After the hack, the price of Bitcoin, Ethereum, Bitcoin Cash, Ripple and other cryptocurrencies fell by more than 5%. This broke the two weak record of low volatility. Bitcoin, which was trading around $7600 fell to $7300 within a 30-minute window. Since then, it has been trading with the $100 range.

Of all the cryptocurrencies suffering from the hack, Bitcoin was impacted the least as it has only fallen by 5%. Other cryptocurrencies in the top ten have experienced between 6% to 11% fall in price.

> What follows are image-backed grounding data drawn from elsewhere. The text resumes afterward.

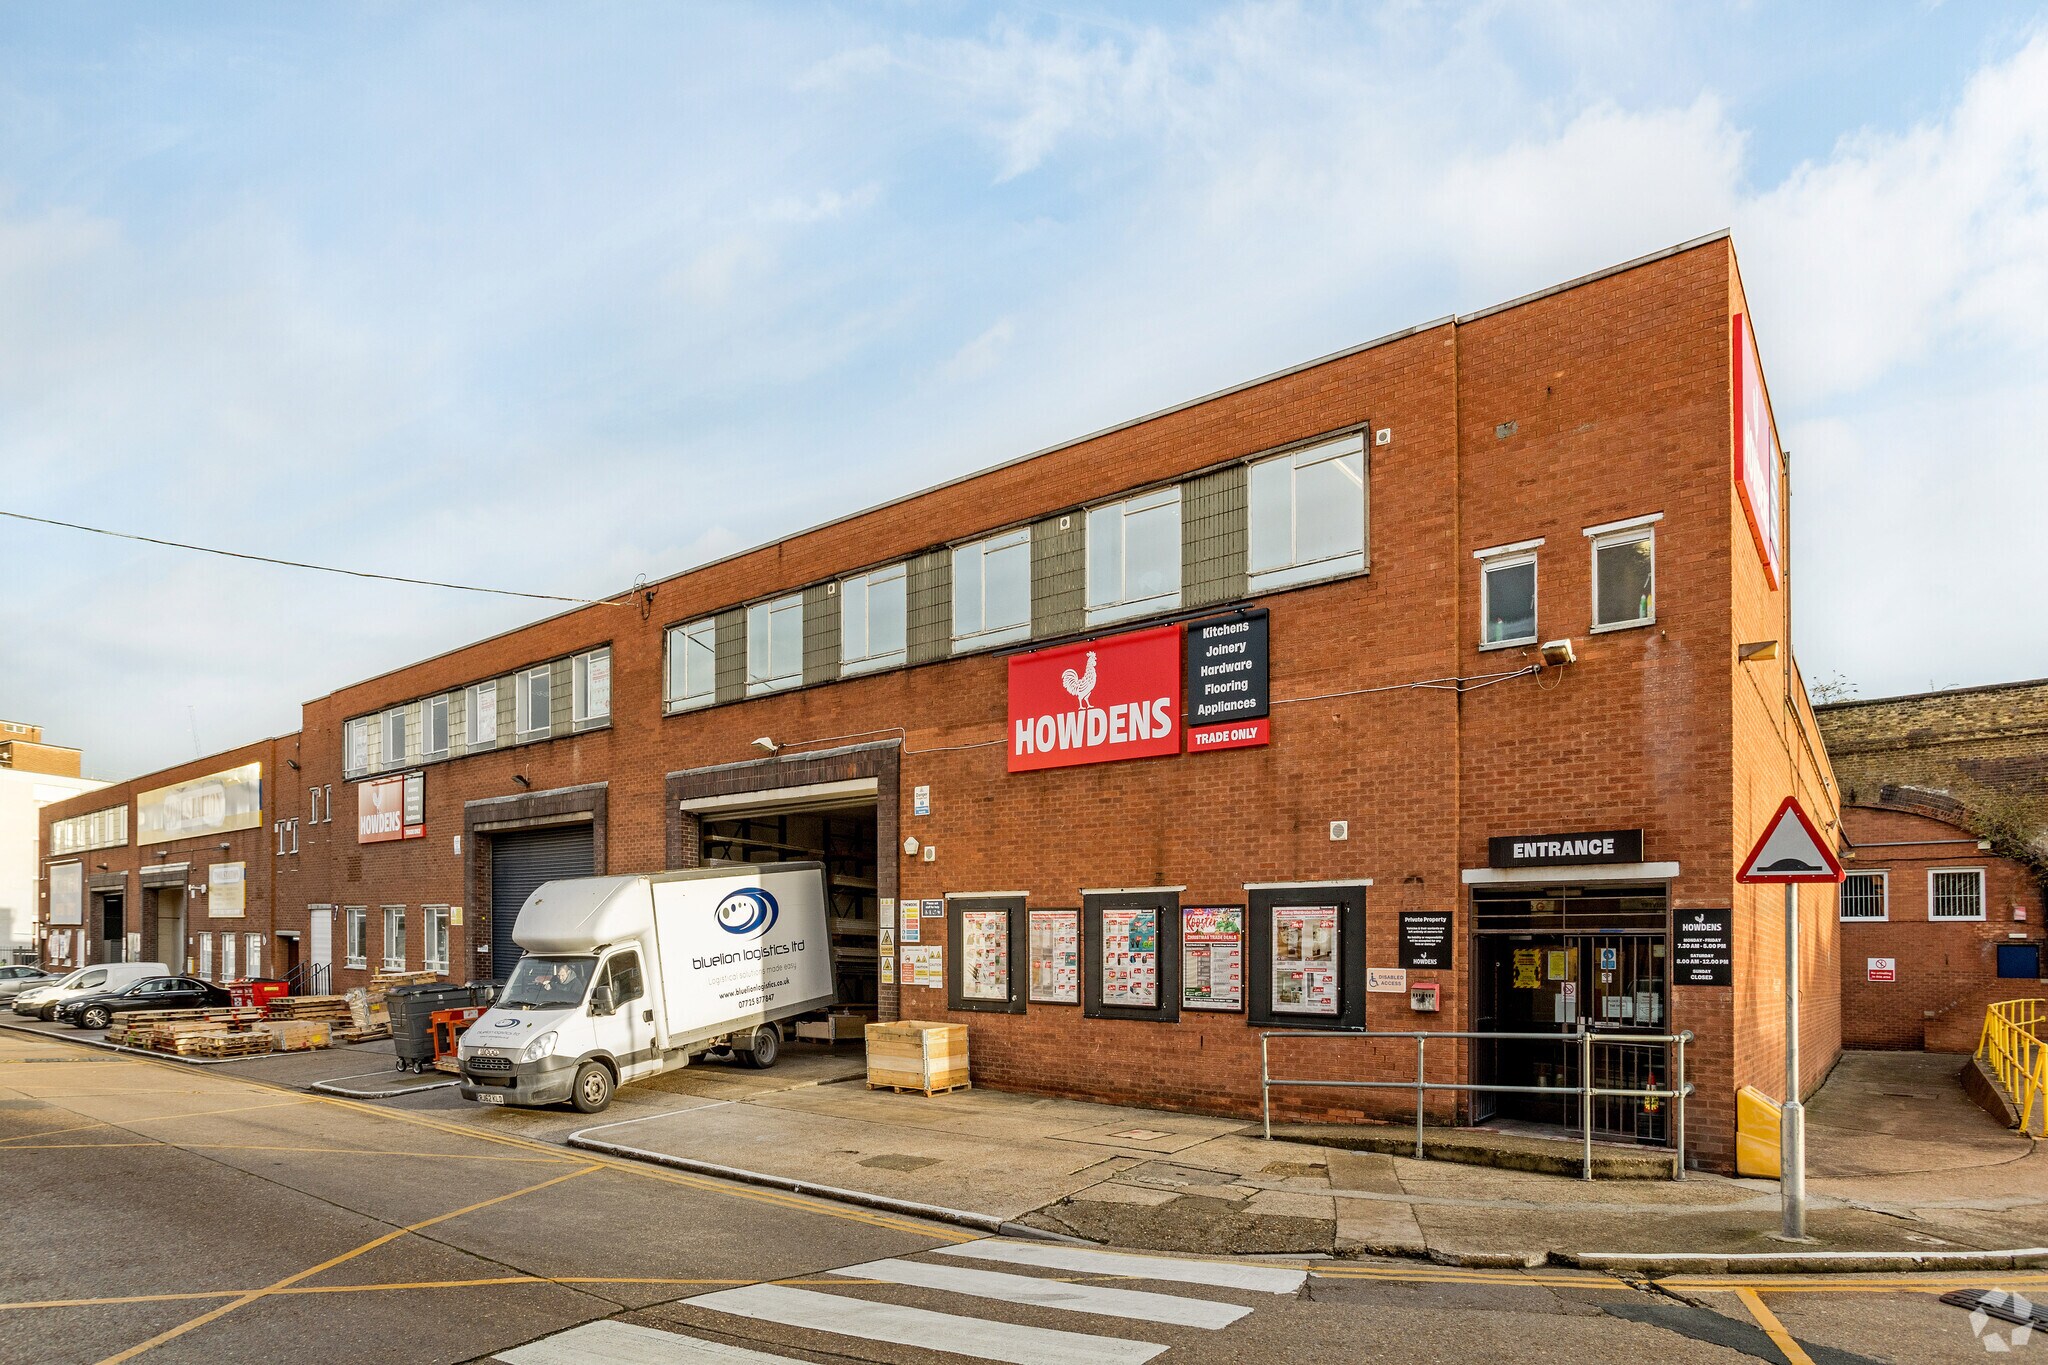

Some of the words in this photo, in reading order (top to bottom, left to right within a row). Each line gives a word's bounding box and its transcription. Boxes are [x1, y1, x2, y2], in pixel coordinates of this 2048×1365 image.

[1202, 622, 1250, 638] Kitchens
[1206, 642, 1246, 657] Joinery
[1200, 660, 1252, 676] Hardware
[1205, 680, 1248, 695] Flooring
[1198, 698, 1256, 716] Appliances
[1016, 698, 1172, 756] HOWDENS
[1196, 730, 1230, 744] TRADE
[1230, 727, 1258, 740] ONLY
[360, 811, 400, 834] HOWDENS
[1514, 838, 1614, 858] ENTRANCE
[692, 953, 740, 970] bluelion
[744, 944, 790, 961] logistics
[792, 940, 805, 952] ltd
[766, 962, 782, 973] made
[784, 961, 797, 971] easy
[719, 978, 790, 999] www.bluelionlogistics.co.uk

This isn’t the first time a large cryptocurrency exchange is being hacked. Almost a year ago, the largest exchange in Korea, Bithumb, was hacked. About 31,800 accounts were compromised as hackers gleaned information to be able to transfer cryptocurrencies from customer accounts.

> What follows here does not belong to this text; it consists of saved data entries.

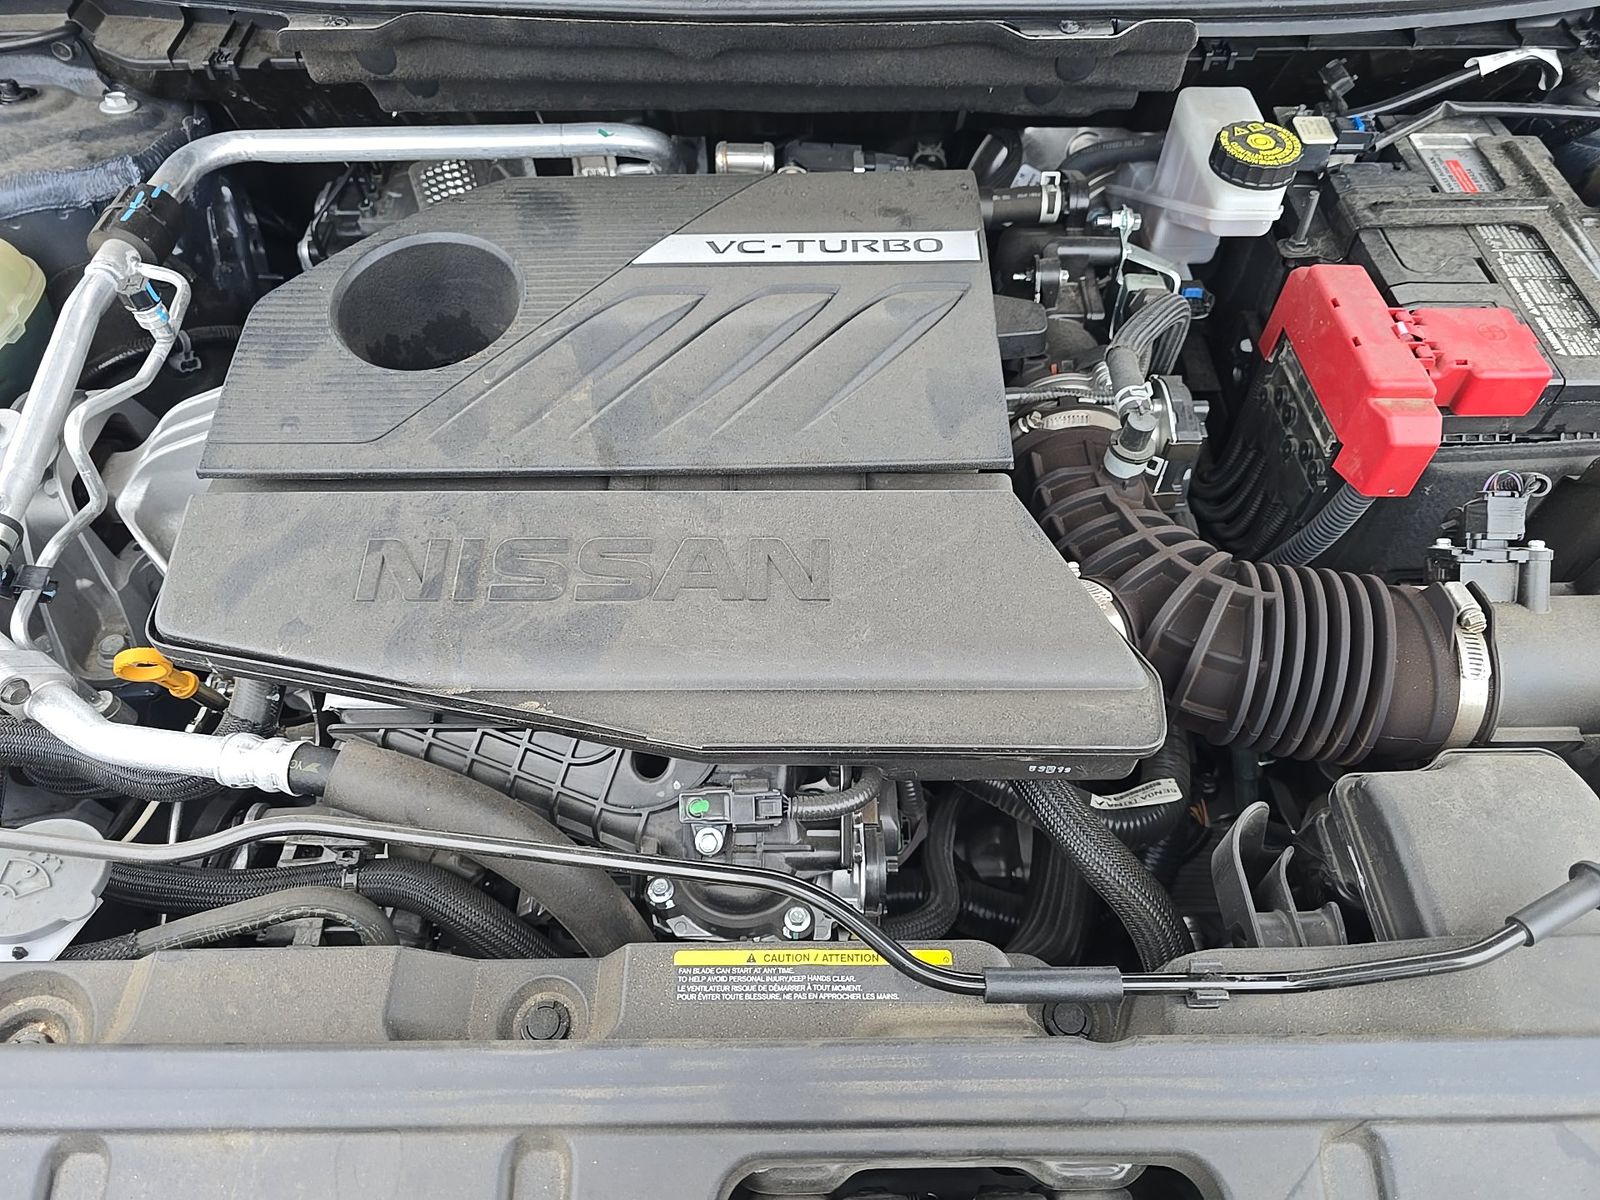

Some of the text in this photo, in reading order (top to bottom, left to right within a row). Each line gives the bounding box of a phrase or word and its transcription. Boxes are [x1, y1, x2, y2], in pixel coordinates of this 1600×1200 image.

[705, 237, 944, 254] VC-TURBO
[354, 536, 832, 601] NISSAN
[763, 953, 879, 962] CAUTION / ATTENTION
[677, 984, 686, 992] LE
[686, 984, 730, 992] VENTILATEUR
[731, 984, 757, 992] RISQUE
[758, 984, 768, 992] DE
[768, 983, 805, 992] DÉMARRER
[806, 983, 812, 992] À
[813, 984, 831, 992] TOUT
[698, 991, 721, 1000] ÉVITER

Less than seven months ago, Youbit, another South Korean exchange was hacked with over $48 million worth of Bitcoin stolen.

The Coinrail hack marks the third time a South Korean cryptocurrency exchange would be hacked within the last 12 months. No one knows if the culprits are from North Korea or if the country itself is responsible for the attacks. However, the rumor in the industry is that North Koreans are eager to lay their hands on cryptocurrencies and convert them into fiat money.

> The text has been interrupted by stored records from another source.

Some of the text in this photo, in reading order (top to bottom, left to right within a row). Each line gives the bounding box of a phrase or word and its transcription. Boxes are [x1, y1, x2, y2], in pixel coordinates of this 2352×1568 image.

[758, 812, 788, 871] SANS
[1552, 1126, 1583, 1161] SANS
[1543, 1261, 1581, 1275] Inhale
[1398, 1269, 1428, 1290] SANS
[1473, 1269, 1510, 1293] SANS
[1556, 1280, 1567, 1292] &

Technical Rebound Trips Hack

The managing director at Fundstrat Global, Robert Sluymer, published a report about some technical developments which included stage one of a three-stage process of bottoming. He acknowledged that the project is premature but it’s unlikely that he saw this attack on Coinrail in view before he published the paper.


Hacking will always be an obstacle to the mass adoption of Bitcoin and other cryptocurrencies. Until developers can find a lasting solution to the problem, it will always be a problem.